Yeni hükümetin kurulması halinde 12 yıldır başbakan olan ve yolsuzluk suçlamalarıyla yargılanıp hapse atılacağını bilen Netanyahu iktidarda kalmak için her yola başvuracaktır.

Yeni hükümet güven oyu almazsa Netanyahu görevini sürdürecek ve kendisi de yeni hükümet kuramazsa üç ay sonra yapılması gereken seçimlere kadar öylece ülkeyi yönetecek.

O zamana kadar da hapse atılmamak için Netanyahu her yola başvuracak.

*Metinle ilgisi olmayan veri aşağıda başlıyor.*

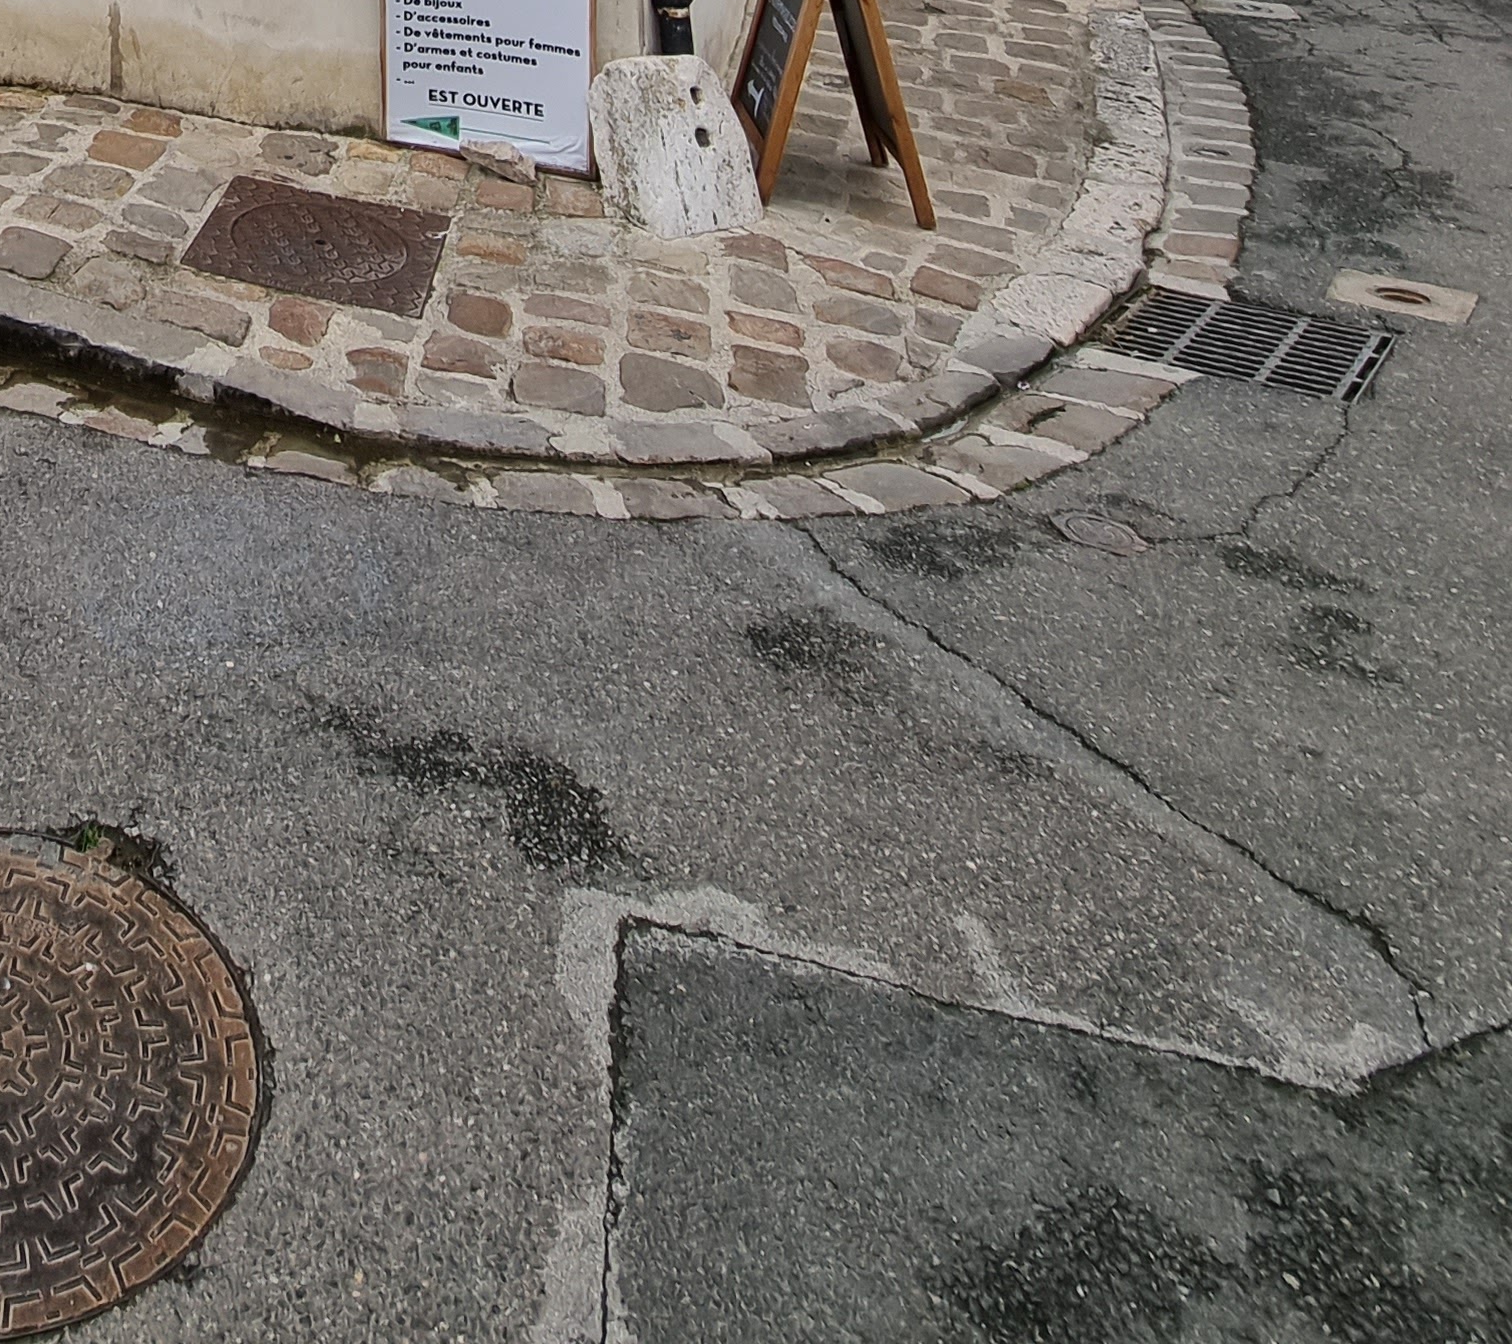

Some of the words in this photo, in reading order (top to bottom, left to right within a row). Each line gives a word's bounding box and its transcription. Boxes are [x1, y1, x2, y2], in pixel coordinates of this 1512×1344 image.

[403, 10, 491, 28] D'accessoires
[403, 26, 421, 38] De
[424, 28, 492, 44] vêtements
[495, 36, 526, 48] pour
[528, 38, 581, 57] femmes
[403, 42, 456, 56] D'armes
[459, 47, 473, 58] et
[476, 51, 538, 66] costumes
[402, 59, 432, 72] pour
[434, 60, 484, 75] enfants
[428, 88, 459, 104] EST
[462, 93, 545, 118] OUVERTE
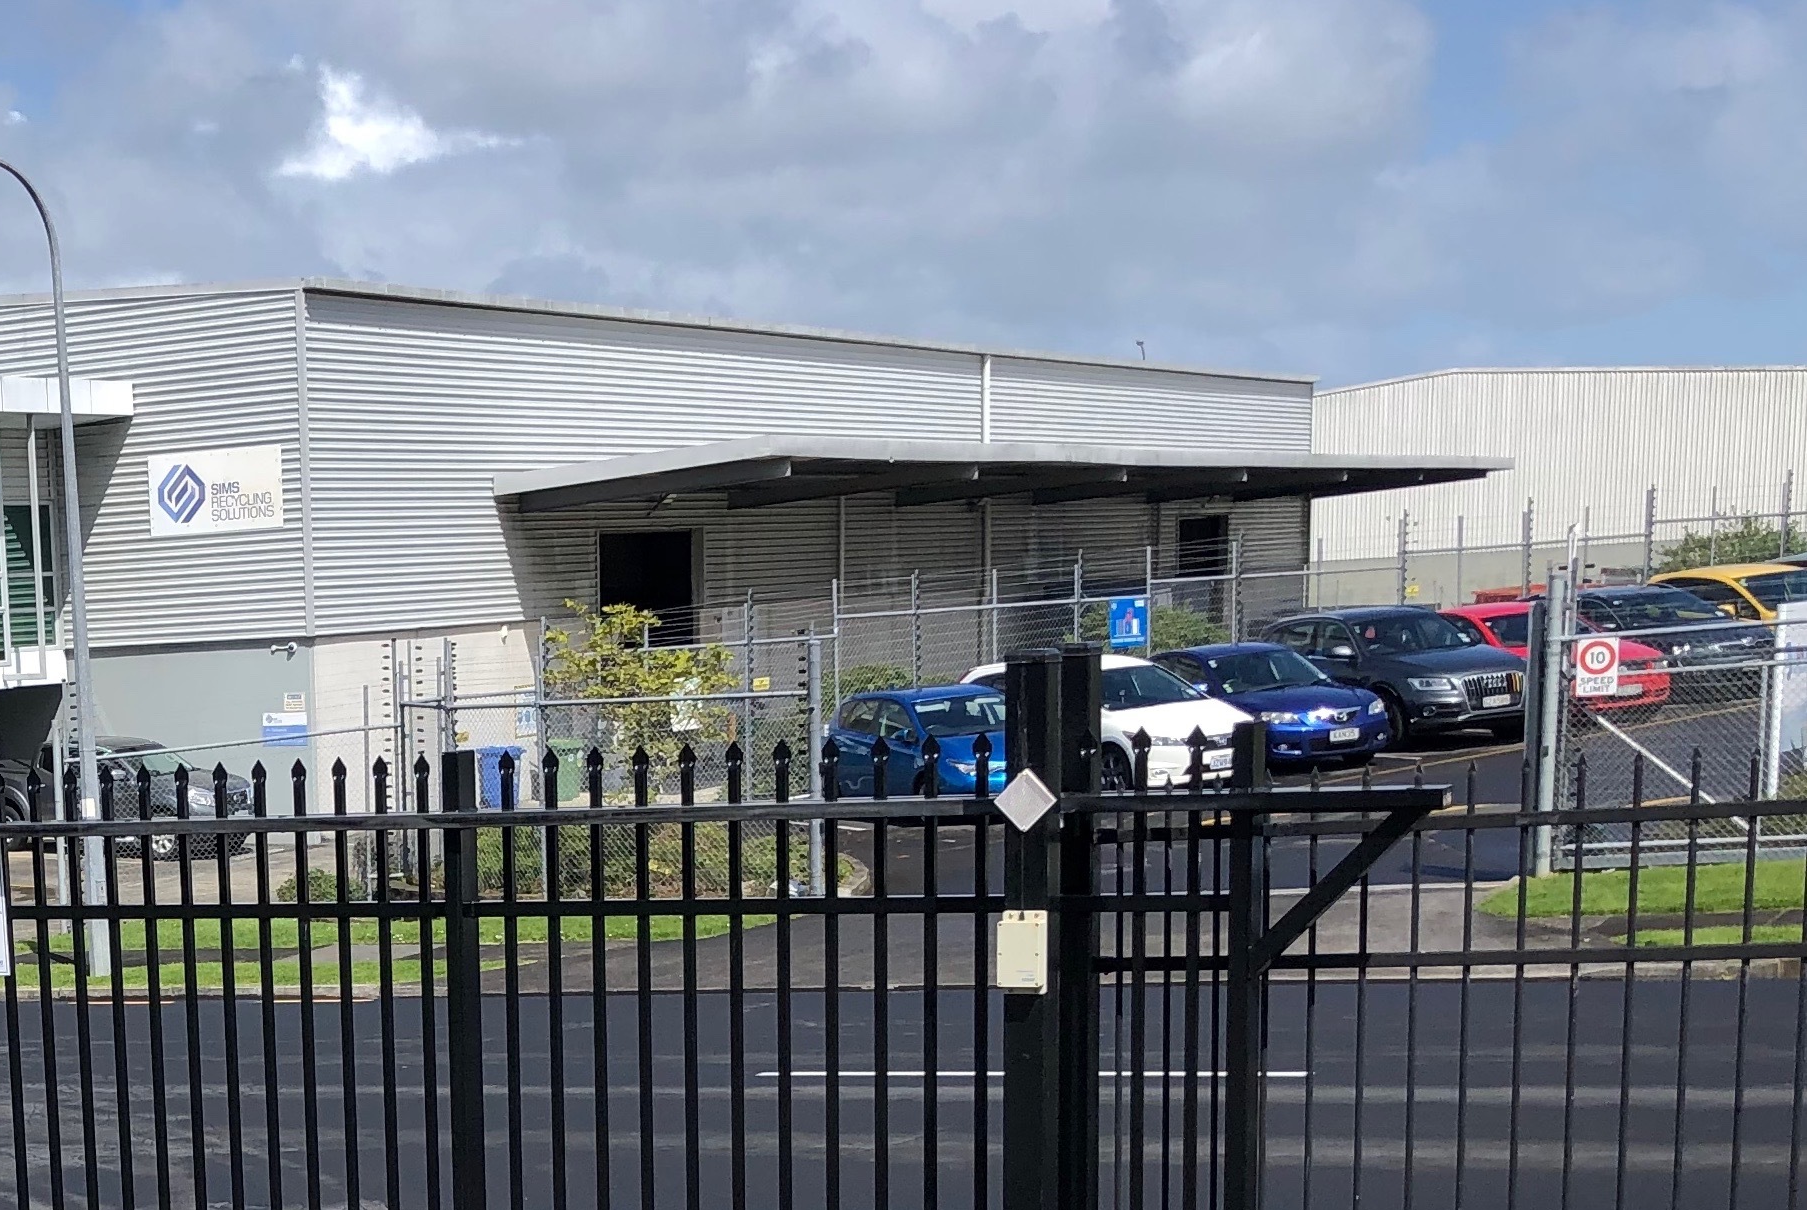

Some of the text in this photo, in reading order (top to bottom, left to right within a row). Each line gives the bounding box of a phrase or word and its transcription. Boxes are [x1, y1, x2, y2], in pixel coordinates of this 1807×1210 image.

[210, 481, 240, 496] SIMS
[211, 491, 272, 509] RECYCLING
[211, 504, 275, 522] SOLUTIONS
[1590, 651, 1606, 665] 10
[1580, 676, 1615, 686] SPEED
[1582, 685, 1610, 694] LIMIT

Örneğin muhaliflerini “solcu, vatan haini, Yahudi düşmanı” diye suçlayarak “Ben gidersem İsrail biter” türünden bildik söylemlerini sürdürecek.

Hani şu “beka” meselesi!

İşin ilginç olan tarafı da şans az da olsa Netanyahu’dan yana. İktidarda kalmak için dinci ve ırkçı partileri yanında tutmak isteyen Netanyahu son Gazze saldırısında olduğu gibi her an yeni maceralara kalkışabilir. Bu amaçla bağnaz, dinci ve ırkçı partileriyle Yahudi  kamuoyunu etkilemek için Arap ve İslamcı bir partinin hükümette olduğunu söyleyerek propagandasını yoğunlaştırabilir. Yeni hükümetin karmaşık yapısı da ona bu işinde yardımcı olabilir.

Örneğin ilk iki yılda başbakan olacak olan Bennett; Amerika’dan göç etmiş Yahudi bir ailenin ferdi olarak Netanyahu’nun eski özel kalemiydi ve onun gibi asker kökenlidir. Bağnaz ve radikal Yahudi olan Bennett “Filistinlilerin kesilip öldürülmesinden” yana.

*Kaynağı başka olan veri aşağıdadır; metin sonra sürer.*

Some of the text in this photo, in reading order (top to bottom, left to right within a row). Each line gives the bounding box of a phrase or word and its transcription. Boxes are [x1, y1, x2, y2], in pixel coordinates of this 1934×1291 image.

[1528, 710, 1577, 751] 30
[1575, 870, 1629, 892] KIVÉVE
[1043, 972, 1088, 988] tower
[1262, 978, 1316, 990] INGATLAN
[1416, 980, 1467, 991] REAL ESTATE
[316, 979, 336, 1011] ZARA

Devrilmezse son iki yılında hükümetin başına geçecek olan Lapid “liberal, laik ve ılımlı” olarak bilinir ama o da Netanyahu’dan kurtulmak isteyen Başkan Biden’ın desteğine güveniyor.

Netanyahu’nun hükümetlerinde Maliye Bakanı olarak görev alan Lapid babası gibi eski bir gazeteci ve televizyoncu.

Annesi gibi polisiye romanlarına meraklı olan Lapid bir ara televizyon dizilerinde oynamış, boks ve güreşe merak sarmış ama Filistinlilerle birlikte yaşanabileceğini savunmuş. Onun için bağnaz, tutucu, radikal ve ırkçı Yahudiler tarafından sevilmiyor ve güvenilmiyor.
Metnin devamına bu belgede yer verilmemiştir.